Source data

________________________

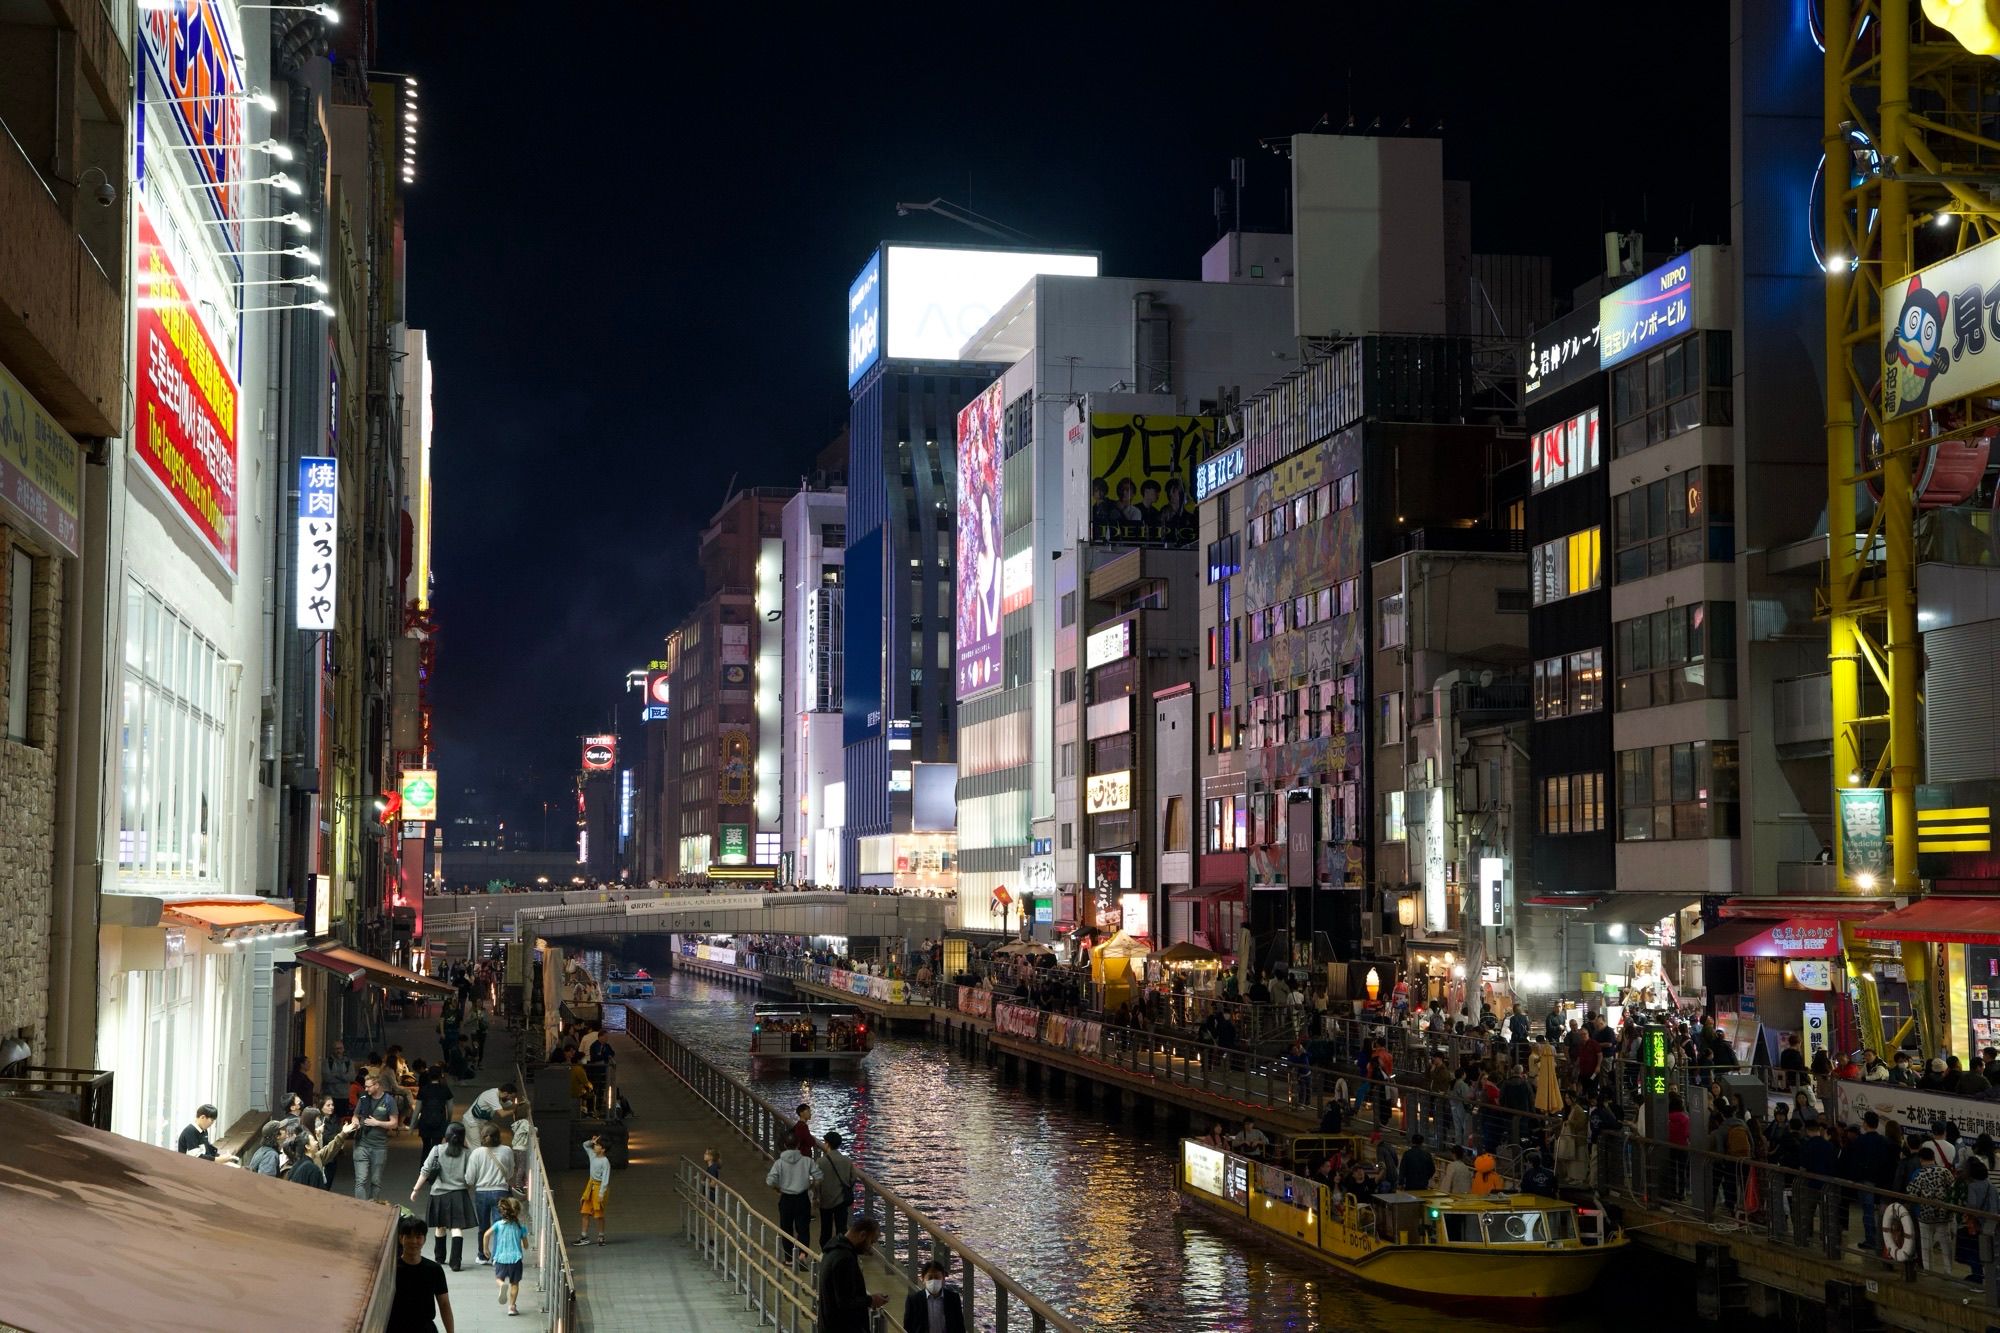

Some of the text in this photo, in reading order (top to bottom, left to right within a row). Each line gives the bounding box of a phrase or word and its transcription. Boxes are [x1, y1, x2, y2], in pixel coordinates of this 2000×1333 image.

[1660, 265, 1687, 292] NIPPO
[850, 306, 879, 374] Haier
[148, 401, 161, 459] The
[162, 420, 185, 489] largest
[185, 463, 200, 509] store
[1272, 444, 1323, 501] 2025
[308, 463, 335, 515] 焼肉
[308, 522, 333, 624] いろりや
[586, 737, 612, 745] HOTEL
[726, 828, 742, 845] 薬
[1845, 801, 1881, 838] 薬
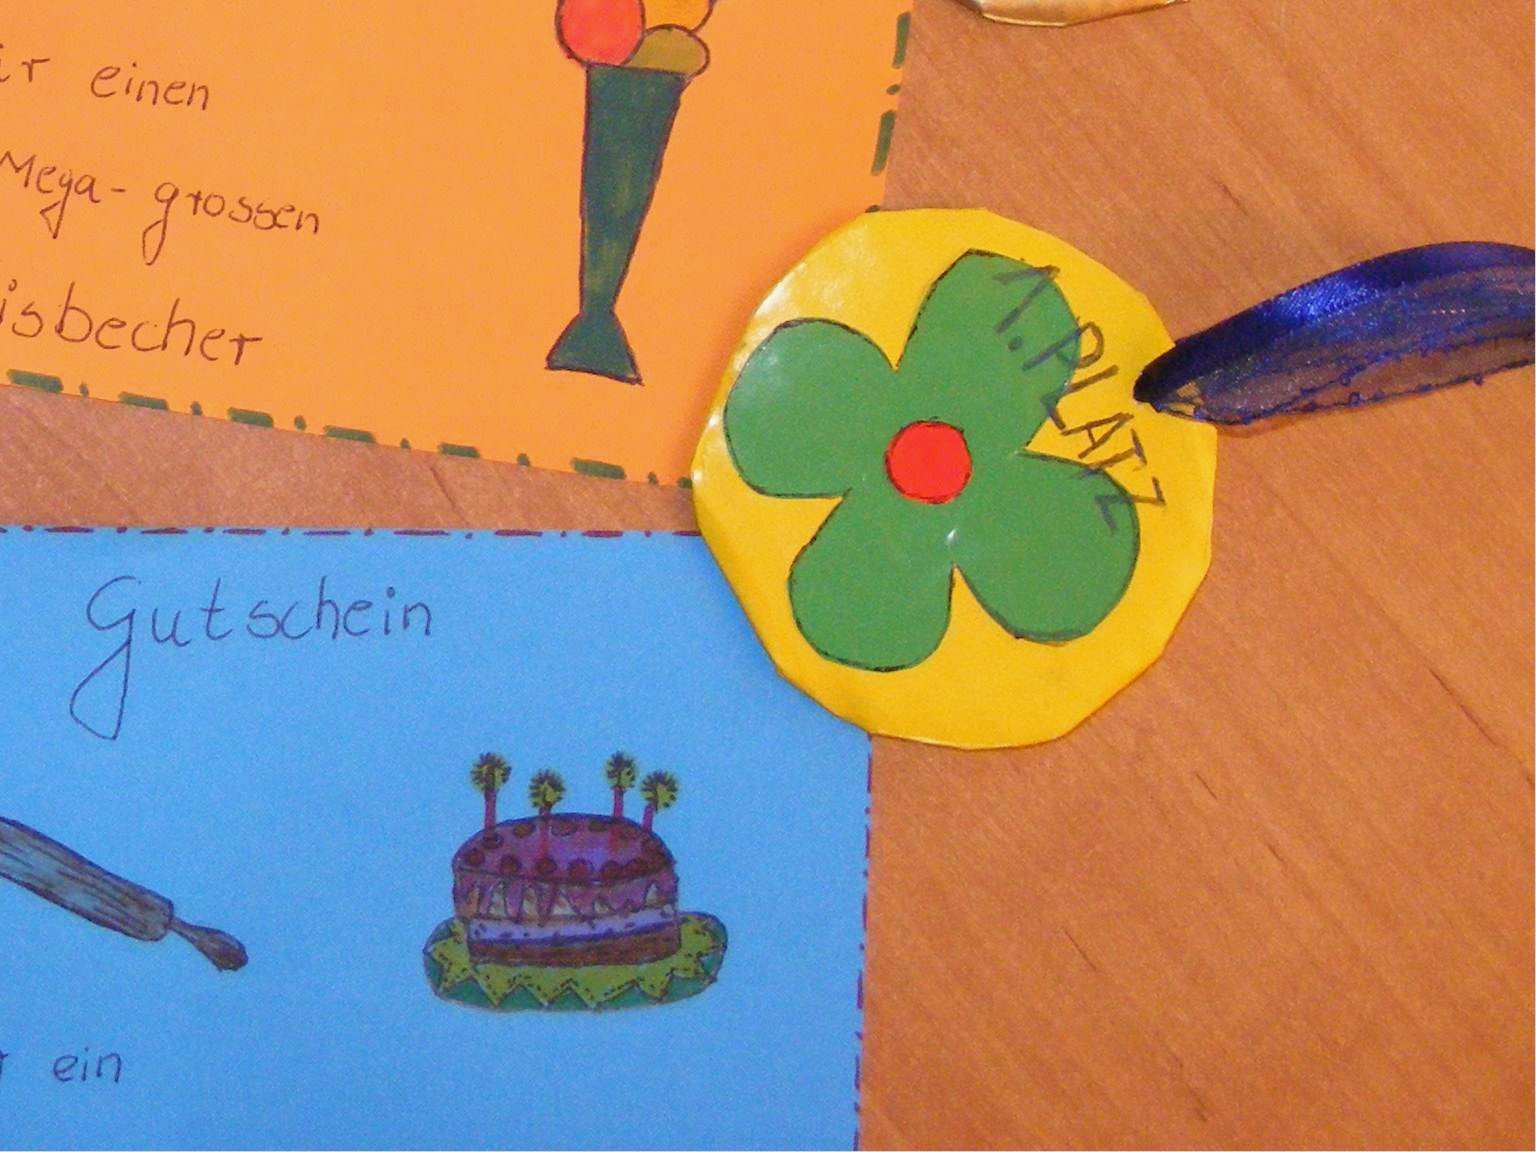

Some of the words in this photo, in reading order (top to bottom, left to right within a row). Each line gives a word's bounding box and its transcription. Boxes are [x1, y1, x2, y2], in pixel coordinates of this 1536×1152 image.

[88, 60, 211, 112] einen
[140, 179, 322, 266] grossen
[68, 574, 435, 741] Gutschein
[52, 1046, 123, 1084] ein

________________________

Your assignment:
Write out every record above exactly, leaving no picture in the result.

Expected answer:
Some of the text in this photo, in reading order (top to bottom, left to right within a row). Each line gives the bounding box of a phrase or word and its transcription. Boxes are [x1, y1, x2, y2], in pixel coordinates of this 2000×1333 image.

[1660, 265, 1687, 292] NIPPO
[850, 306, 879, 374] Haier
[148, 401, 161, 459] The
[162, 420, 185, 489] largest
[185, 463, 200, 509] store
[1272, 444, 1323, 501] 2025
[308, 463, 335, 515] 焼肉
[308, 522, 333, 624] いろりや
[586, 737, 612, 745] HOTEL
[726, 828, 742, 845] 薬
[1845, 801, 1881, 838] 薬

Some of the words in this photo, in reading order (top to bottom, left to right within a row). Each line gives a word's bounding box and its transcription. Boxes are [x1, y1, x2, y2], in pixel coordinates of this 1536×1152 image.

[88, 60, 211, 112] einen
[140, 179, 322, 266] grossen
[68, 574, 435, 741] Gutschein
[52, 1046, 123, 1084] ein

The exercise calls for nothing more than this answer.